• [DATA FOR ANALYSIS]
>>>

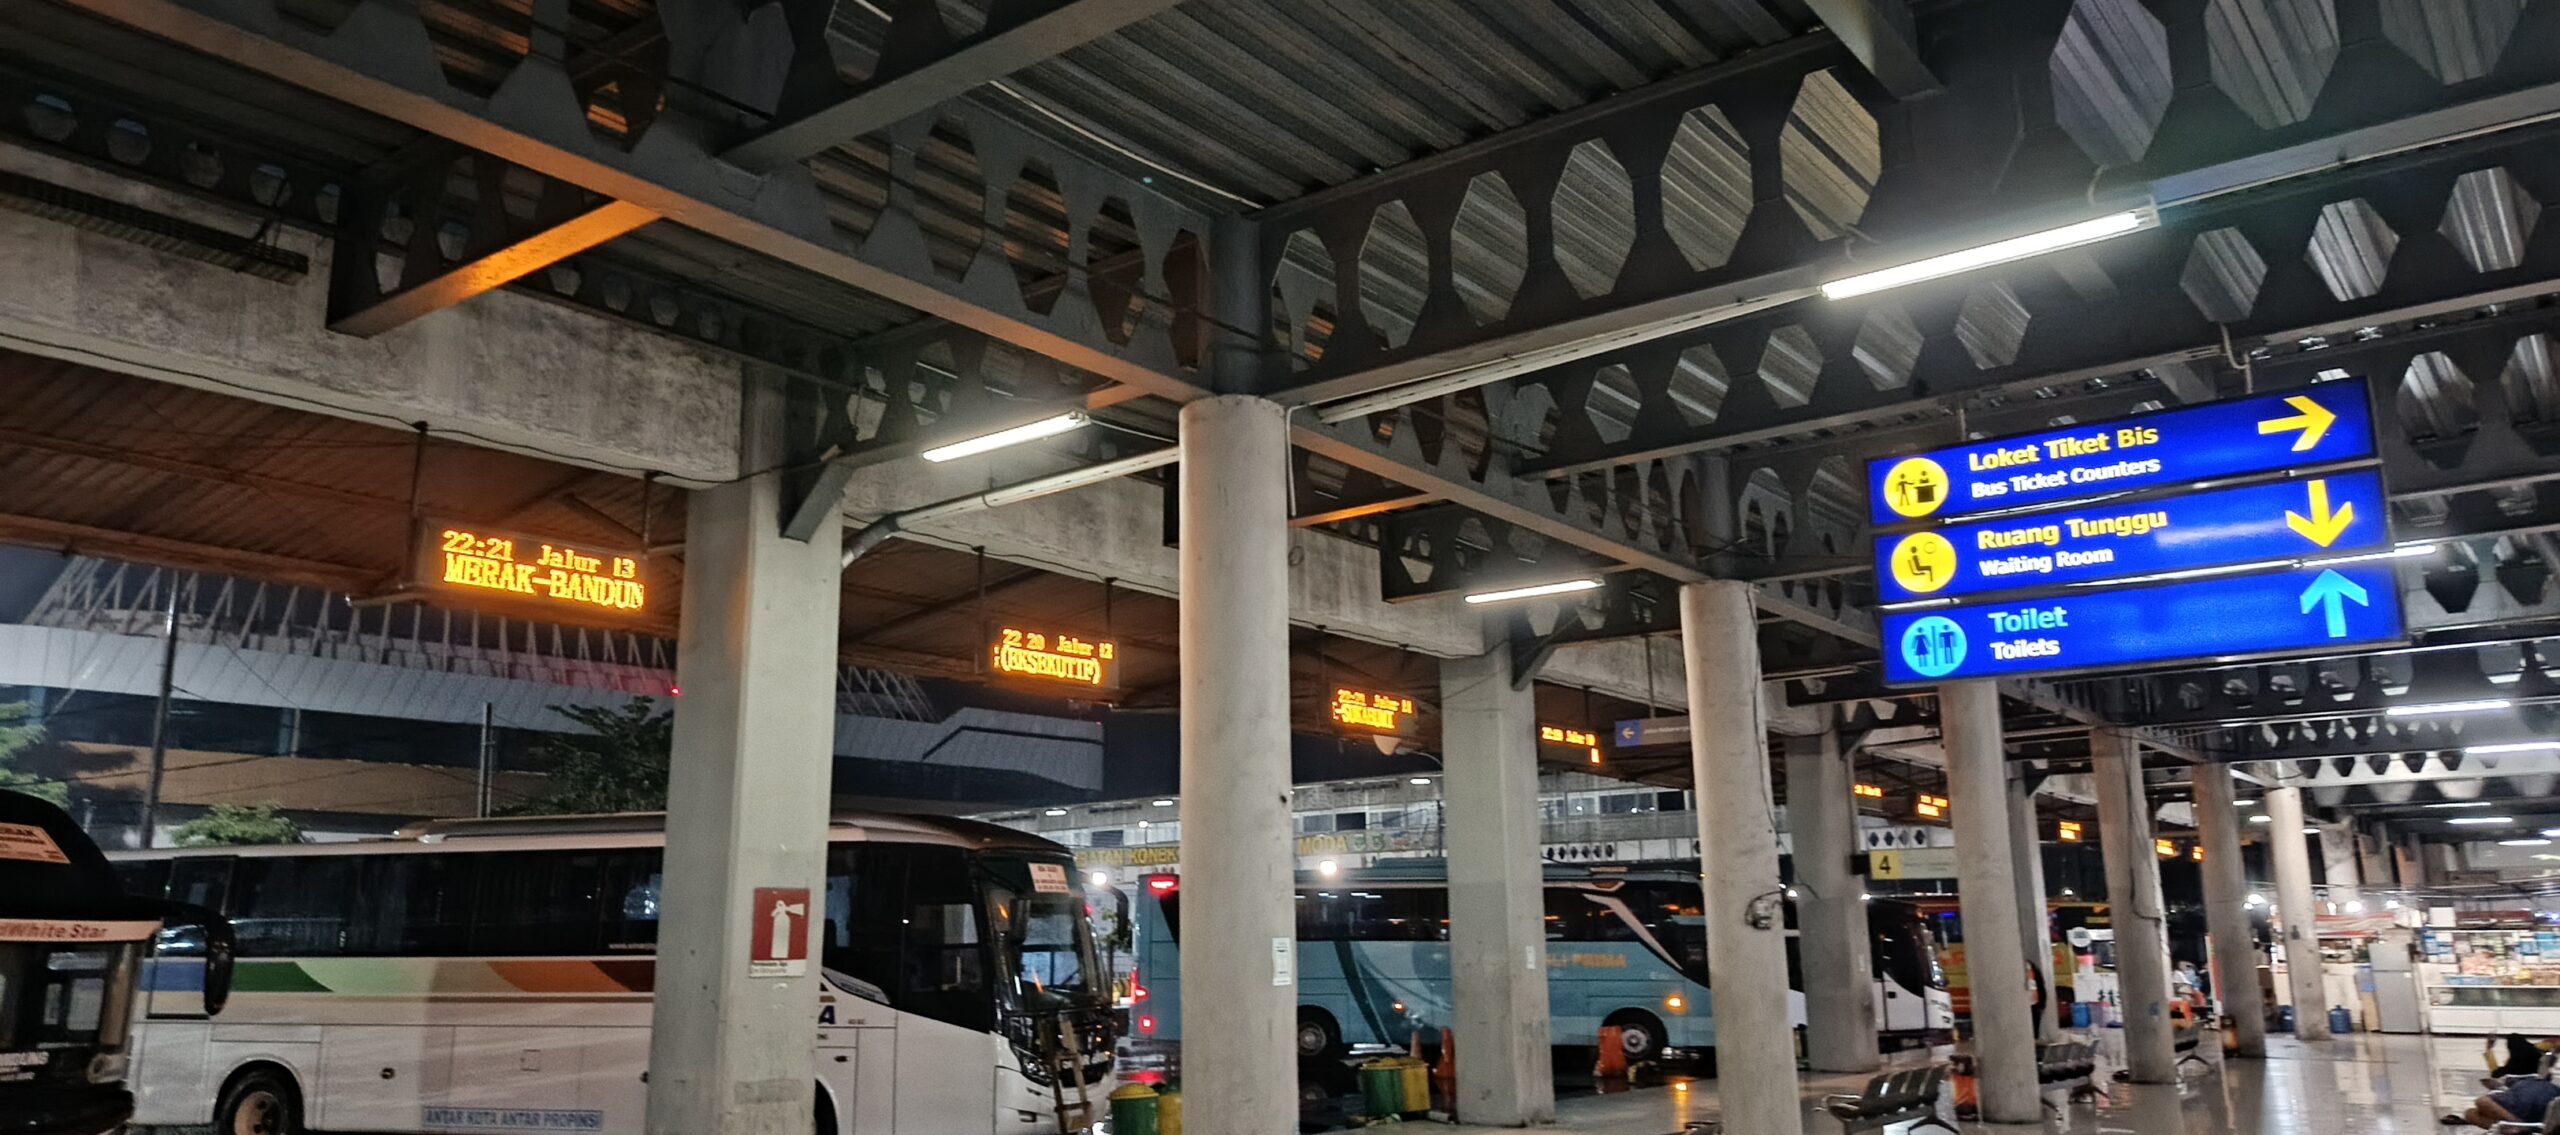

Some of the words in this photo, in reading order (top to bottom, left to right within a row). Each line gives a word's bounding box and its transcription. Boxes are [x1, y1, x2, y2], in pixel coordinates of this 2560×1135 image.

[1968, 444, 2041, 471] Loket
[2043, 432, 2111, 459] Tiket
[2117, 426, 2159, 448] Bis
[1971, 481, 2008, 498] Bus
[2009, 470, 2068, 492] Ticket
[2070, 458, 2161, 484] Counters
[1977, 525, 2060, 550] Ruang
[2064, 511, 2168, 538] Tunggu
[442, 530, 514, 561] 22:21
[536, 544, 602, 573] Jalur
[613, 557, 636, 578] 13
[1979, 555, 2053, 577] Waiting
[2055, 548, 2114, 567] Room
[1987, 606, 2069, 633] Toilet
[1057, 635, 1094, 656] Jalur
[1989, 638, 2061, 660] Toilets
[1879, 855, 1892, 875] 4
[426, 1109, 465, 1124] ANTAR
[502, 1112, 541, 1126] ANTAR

<<<

• [EXERCISE GOAL]
Each record must appear again exactly as written above, without its pictures.

• [EXPECTED ANSWER]
Some of the words in this photo, in reading order (top to bottom, left to right within a row). Each line gives a word's bounding box and its transcription. Boxes are [x1, y1, x2, y2], in pixel coordinates of this 2560×1135 image.

[1968, 444, 2041, 471] Loket
[2043, 432, 2111, 459] Tiket
[2117, 426, 2159, 448] Bis
[1971, 481, 2008, 498] Bus
[2009, 470, 2068, 492] Ticket
[2070, 458, 2161, 484] Counters
[1977, 525, 2060, 550] Ruang
[2064, 511, 2168, 538] Tunggu
[442, 530, 514, 561] 22:21
[536, 544, 602, 573] Jalur
[613, 557, 636, 578] 13
[1979, 555, 2053, 577] Waiting
[2055, 548, 2114, 567] Room
[1987, 606, 2069, 633] Toilet
[1057, 635, 1094, 656] Jalur
[1989, 638, 2061, 660] Toilets
[1879, 855, 1892, 875] 4
[426, 1109, 465, 1124] ANTAR
[502, 1112, 541, 1126] ANTAR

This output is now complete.